20 January 2013

The End Is Not Action but More Thinking



The common and current notion of "pragmatism" seems to be, if it works it may be considered "right" or "right enough."  When one claims a "pragmatic" approach it seems a kind of screen for a scam against the popular understanding of an item or event or policy.  It means, "this is compromised" and so compromised as to achieve a desired outcome that is likely the opposite of what was proposed to be the end at which was aimed.  In a sense we might say the "pragmatic" is a definitional front for "realpolitik."  It is a conning term disguising a con.

I imagine this was not the intent of William James, but it is a Jamesian usage, and James, as his life bears out, was a compulsive "doer" and in large part, a society "player."  It is in no way related to the idea as first proposed by Charles Sanders Peirce and is so far from it that Peirce later renamed his idea "pragmaticsim," a term he hoped so ungainly that no one would be interested in corrupting it.

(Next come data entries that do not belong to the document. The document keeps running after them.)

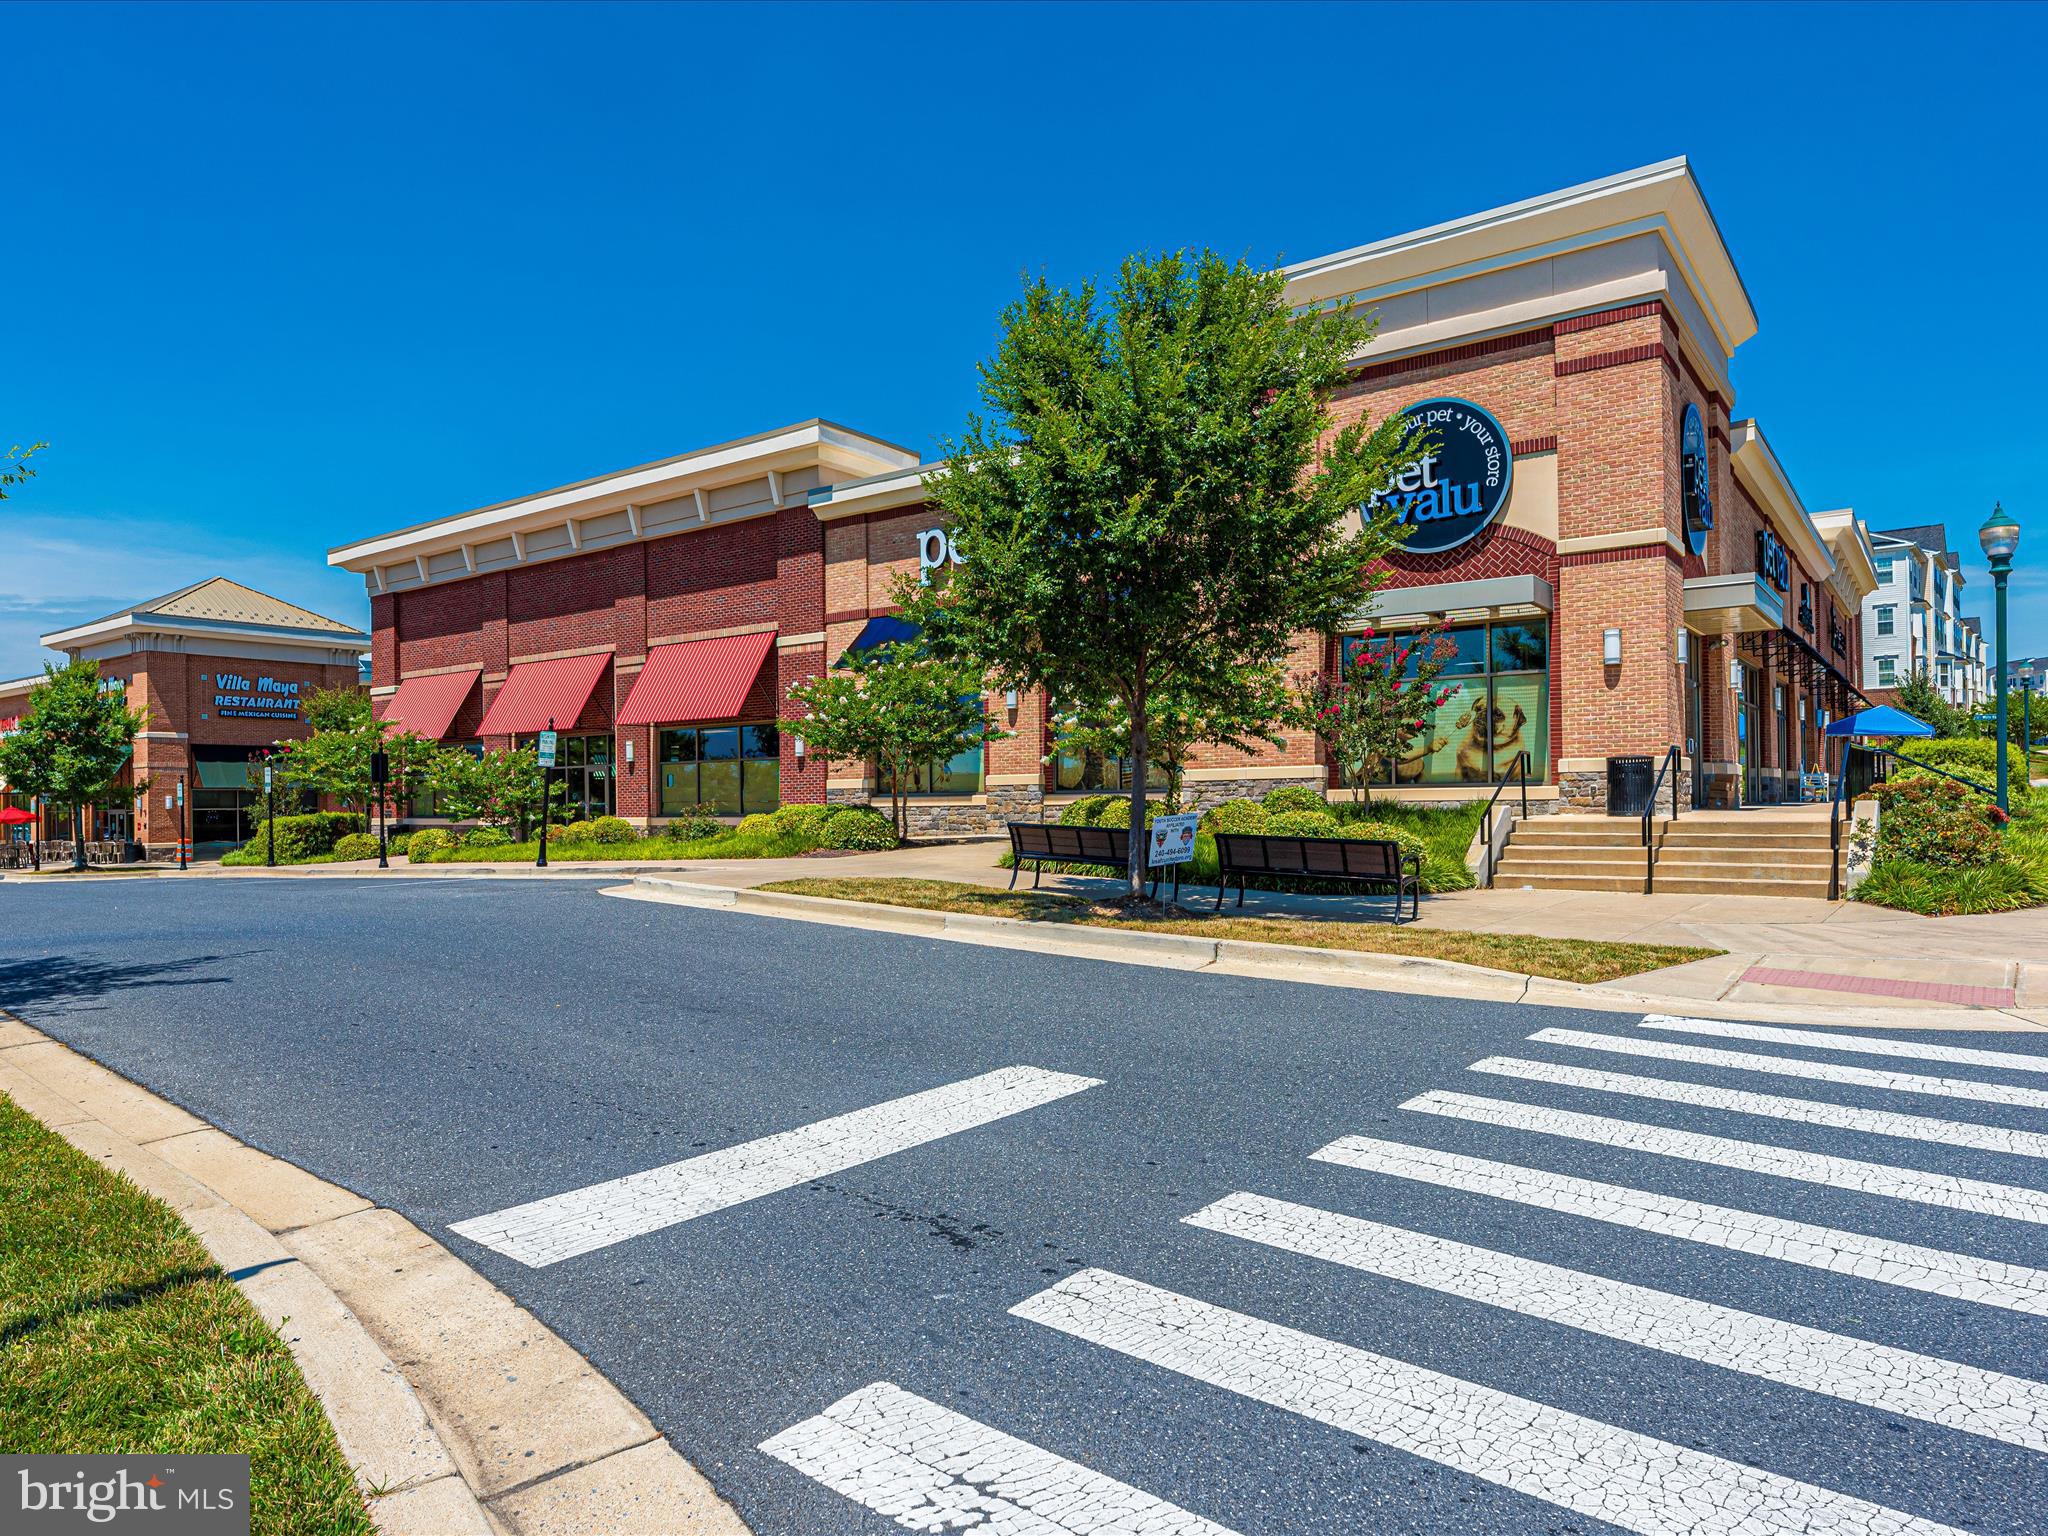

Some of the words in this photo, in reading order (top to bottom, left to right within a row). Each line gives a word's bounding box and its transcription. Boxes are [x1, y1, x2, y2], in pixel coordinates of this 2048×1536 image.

[1402, 412, 1424, 434] our
[1426, 407, 1453, 428] pet
[1459, 415, 1494, 446] your
[1485, 446, 1500, 487] store
[1385, 478, 1483, 525] valu
[214, 695, 300, 709] RESTAURANT
[216, 673, 251, 691] Villa
[257, 677, 298, 697] Maya

So, Peirce's pragmatism is opposed to James's in that Peirce applies his to logic and thinking and James applies his to action.  Peirce comments on this in Baldwin's Dictionary of Philosophy and Psychology (below).

James takes Peirce's conception, laid out in the first paragraph, and makes it do work in the "real" world.  That is to say, James takes "practice" as the crux and proceeds to apply a consequentialist framework.  The "conception" IS consequence.  If the consequences of a conception lead to a desired end then they are "pragmatic" and justifiable, reasonable and reaching toward the logical.  And so, "good."  Peirce attempts to correct this.

(Emphasis and comment in [brackets] below are mine.)

The following is the meat of the entry.  CSP is Peirce; WJ is James.

Pragmatism


The opinion that metaphysics  is to be largely cleared up by the application of the following maxim for attaining clearness of apprehension: 'Consider what effects, that might conceivably have practical bearings, we conceive the object of our conception have. Then, our conception of these effects is the whole of our conception of the object.'   (C.S.P.)  [We should note that this is applied to the habit of "metaphysical" conceptions; this means, primarily, the way we assign "cause" to effect without any knowledge that can be defended as true.]

The doctrine that the whole meaning of a conception expresses itself in practical consequences, consequences either in the shape of conduct to be recommended, or in that of experiences to be expected, if the conception be true; which consequences would be different if it were untrue, and must be different from the consequences by which the meaning of other conceptions is in turn expressed. If a second conception should not appear to have other consequences, then it must really be only the first conception under a different name. In methodology it is certain that to trace and compare their respective consequences is an admirable way of establishing the differing meanings of different conceptions.   (W.J.)

This maxim was first proposed by C. S. Peirce in the Popular Science Monthly for January, 1878 (xii. 287); and he explained how it was to he applied to the doctrine of reality. The writer was led to the maxim by reflection upon Kant's Critic of the Pure Reason. Substantially the same way of dealing with ontology seems to have been practised by the Stoics. The writer subsequently saw that the principle might easily be misapplied, so as to sweep away the whole doctrine of incommensurables, and, in fact. the whole Weierstrassian way of regarding the calculus. In 1896 William James published his Will to Believe, and later his Philos. Conceptions and Pract. Results, which pushed this method to such extremes as must tend to give us pause. The doctrine appears to assume that the end of man is action -- a stoical axiom which, to the present writer at the age of sixty, does not recommend itself so forcibly as it did at thirty. If it be admitted, on the contrary, that action wants an end, and that that end must be something of a general description, then the spirit of the maxim itself, which is that we must look to the upshot of our concepts in order rightly to apprehend them, would direct us towards something different from practical facts, namely, to general ideas, as the true interpreters of our thought. Nevertheless, the maxim has approved itself to the writer, after many years of trial, as of great utility in leading to a relatively high grade of clearness of thought. He would venture to suggest that it should always be put into practice with conscientious thoroughness, but that, when that has been done, and not before, a still higher grade of clearness of thought can be attained by remembering that the only ultimate good which the practical facts to which it directs attention can subserve is to further the development of concrete reasonableness; so that the meaning of the concept does not lie in any individual reaction at all, but in the manner in which those reactions contribute to that development. Indeed, in the article of 1878, above referred to, the writer practised better than he preached; for he applied the stoical maxim most unstoically, in such a sense as to insist upon the reality of the objects of general ideas in their generality.  [That is to say, the ultimate good of "conscientious thoroughness" is that it leads to more reasonableness--ie, better, that is to say, "cleaner" thinking, ie, NOT metaphysics.]